▶ [THE DATA]
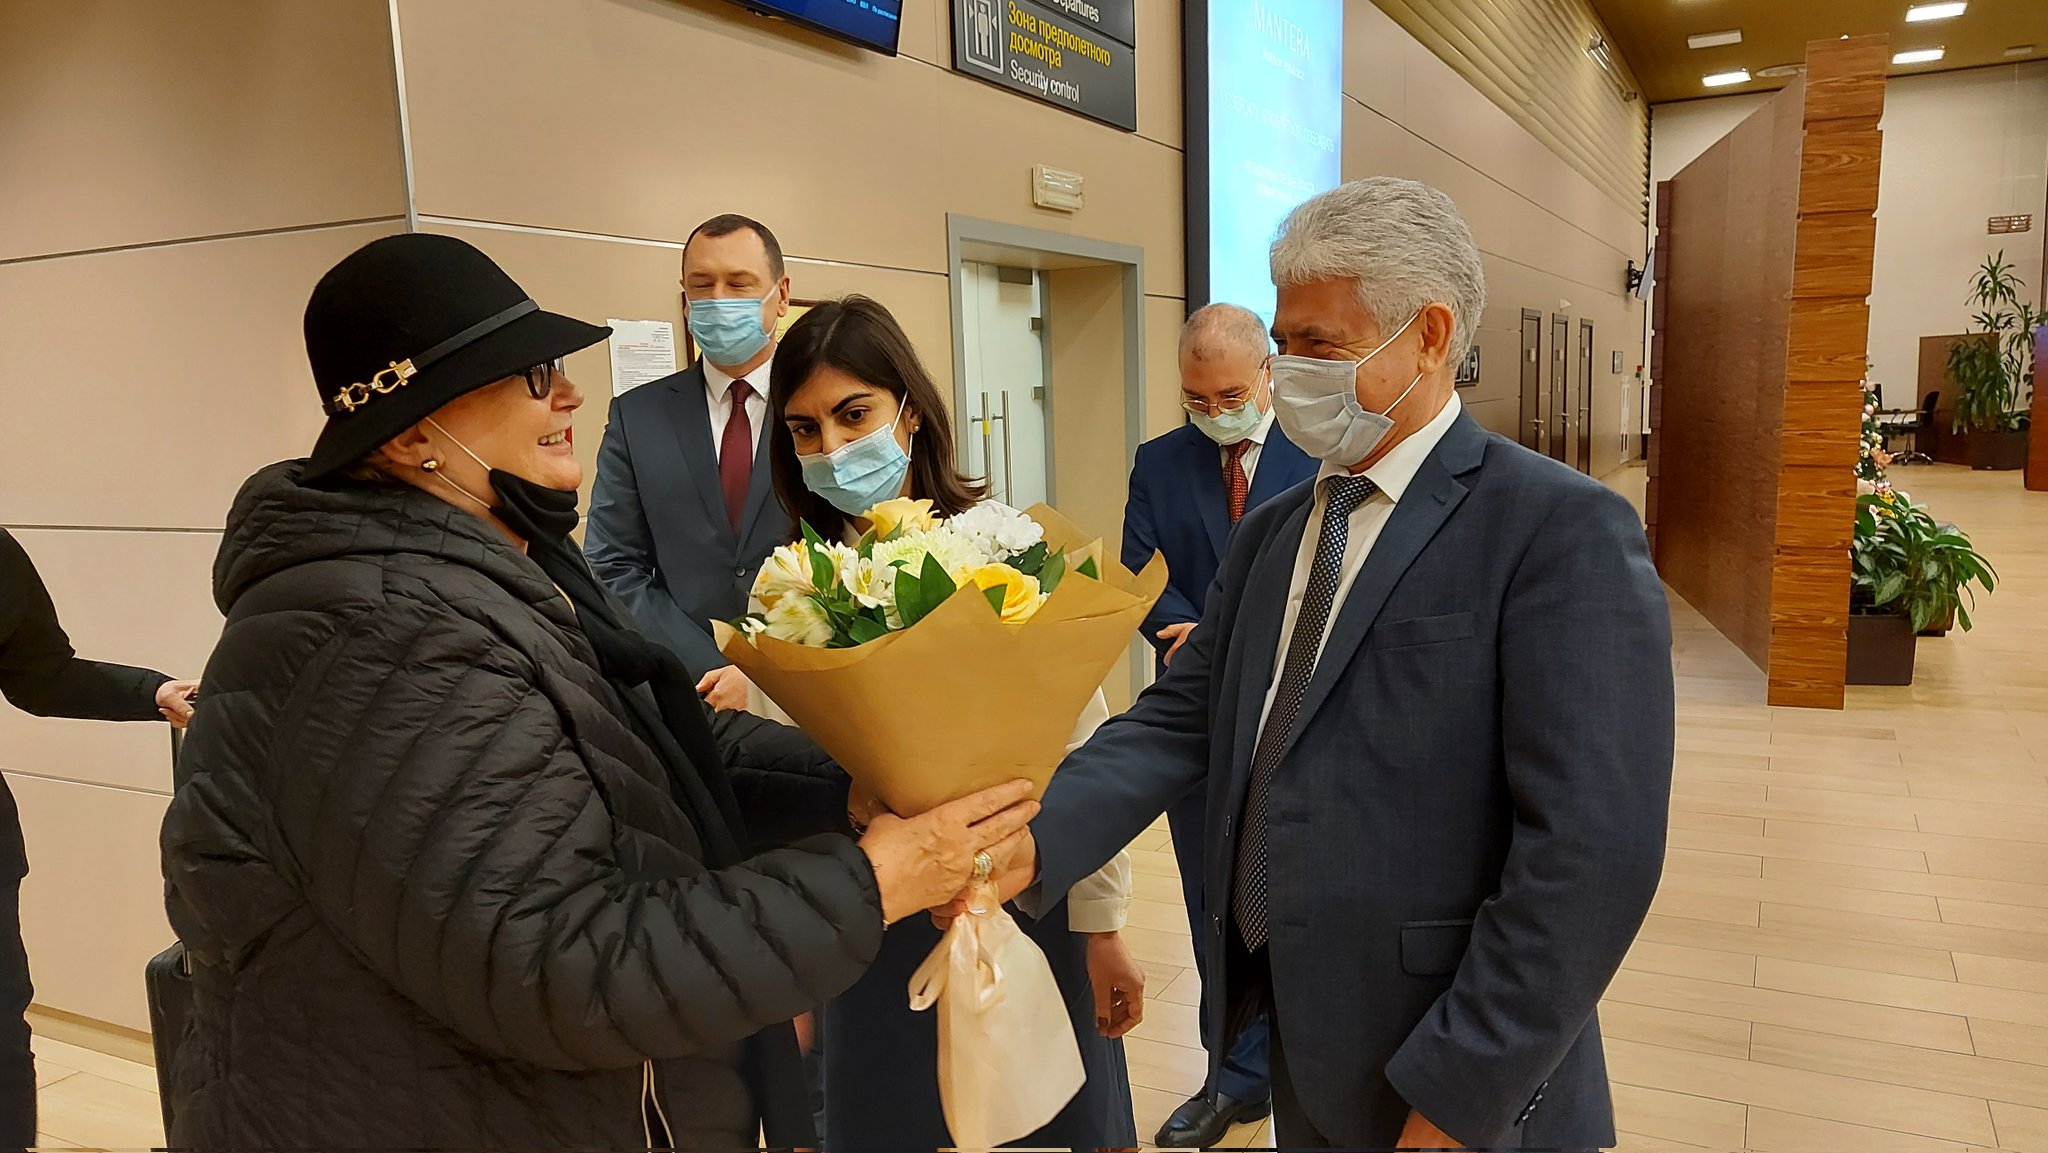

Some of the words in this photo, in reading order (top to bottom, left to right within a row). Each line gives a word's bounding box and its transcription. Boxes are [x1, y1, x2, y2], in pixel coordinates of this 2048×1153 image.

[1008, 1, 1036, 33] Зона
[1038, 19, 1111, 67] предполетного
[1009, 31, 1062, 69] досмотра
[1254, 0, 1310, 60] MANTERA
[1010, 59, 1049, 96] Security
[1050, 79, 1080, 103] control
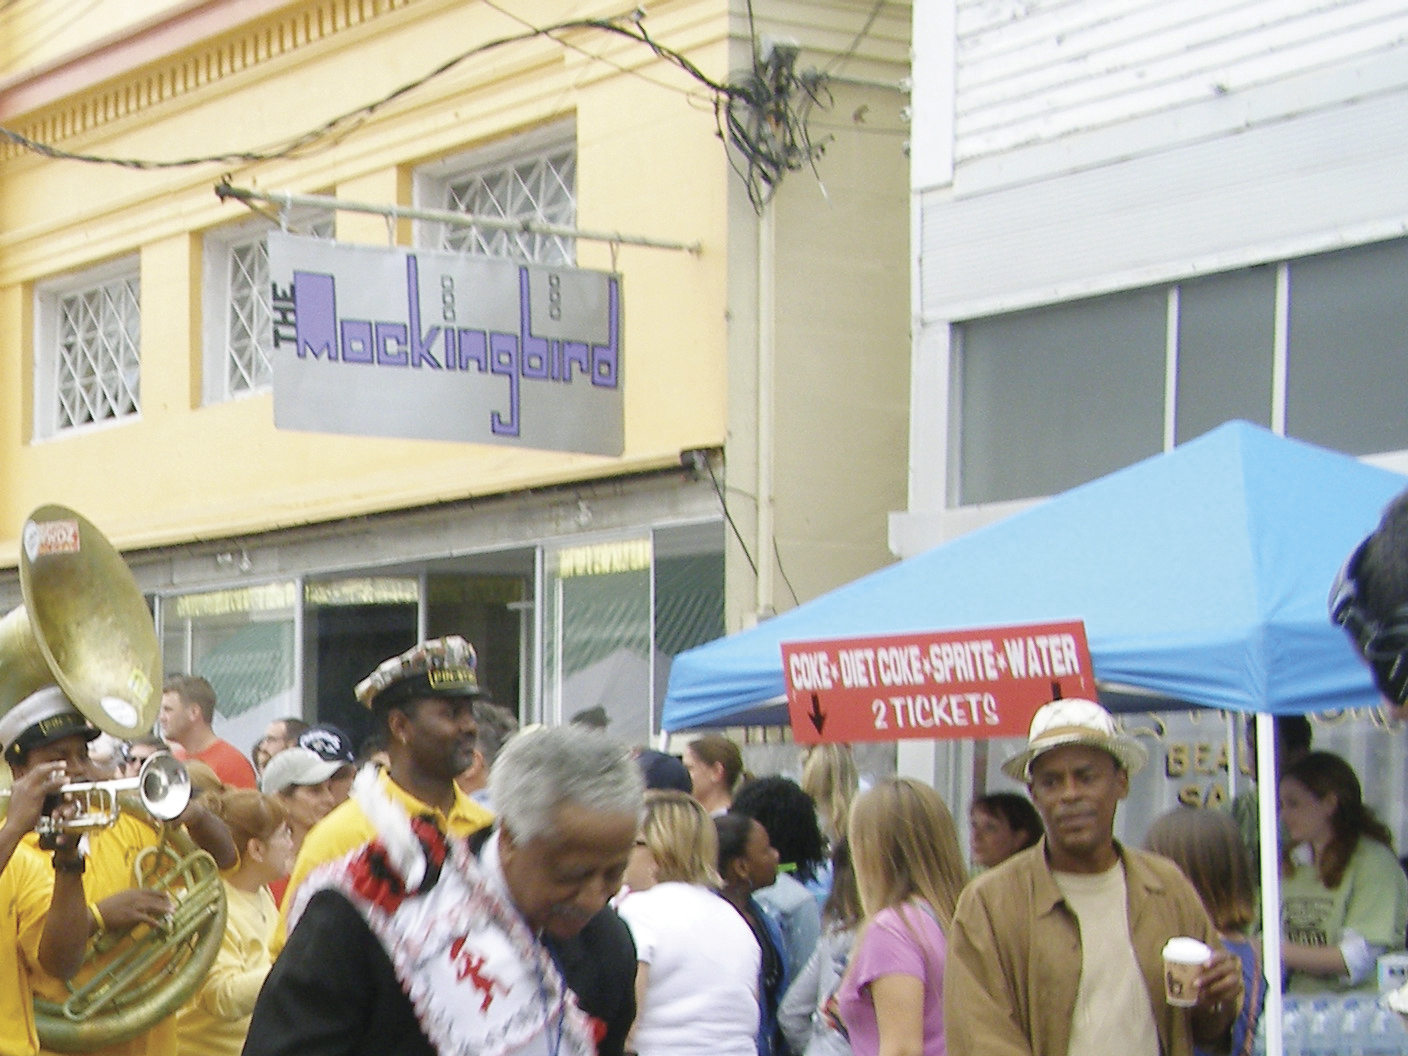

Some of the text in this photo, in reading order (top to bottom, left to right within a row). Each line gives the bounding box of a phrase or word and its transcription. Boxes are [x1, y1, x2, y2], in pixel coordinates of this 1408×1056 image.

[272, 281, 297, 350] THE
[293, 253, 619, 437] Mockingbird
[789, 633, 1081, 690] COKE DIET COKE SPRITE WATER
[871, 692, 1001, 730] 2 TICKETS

▶ [WHAT IS EXPECTED] Retype each line above exactly. Leave the images out.

▶ [ANSWER SPACE]
Some of the words in this photo, in reading order (top to bottom, left to right within a row). Each line gives a word's bounding box and its transcription. Boxes are [x1, y1, x2, y2], in pixel coordinates of this 2048×1153 image.

[1008, 1, 1036, 33] Зона
[1038, 19, 1111, 67] предполетного
[1009, 31, 1062, 69] досмотра
[1254, 0, 1310, 60] MANTERA
[1010, 59, 1049, 96] Security
[1050, 79, 1080, 103] control

Some of the text in this photo, in reading order (top to bottom, left to right within a row). Each line gives the bounding box of a phrase or word and its transcription. Boxes are [x1, y1, x2, y2], in pixel coordinates of this 1408×1056 image.

[272, 281, 297, 350] THE
[293, 253, 619, 437] Mockingbird
[789, 633, 1081, 690] COKE DIET COKE SPRITE WATER
[871, 692, 1001, 730] 2 TICKETS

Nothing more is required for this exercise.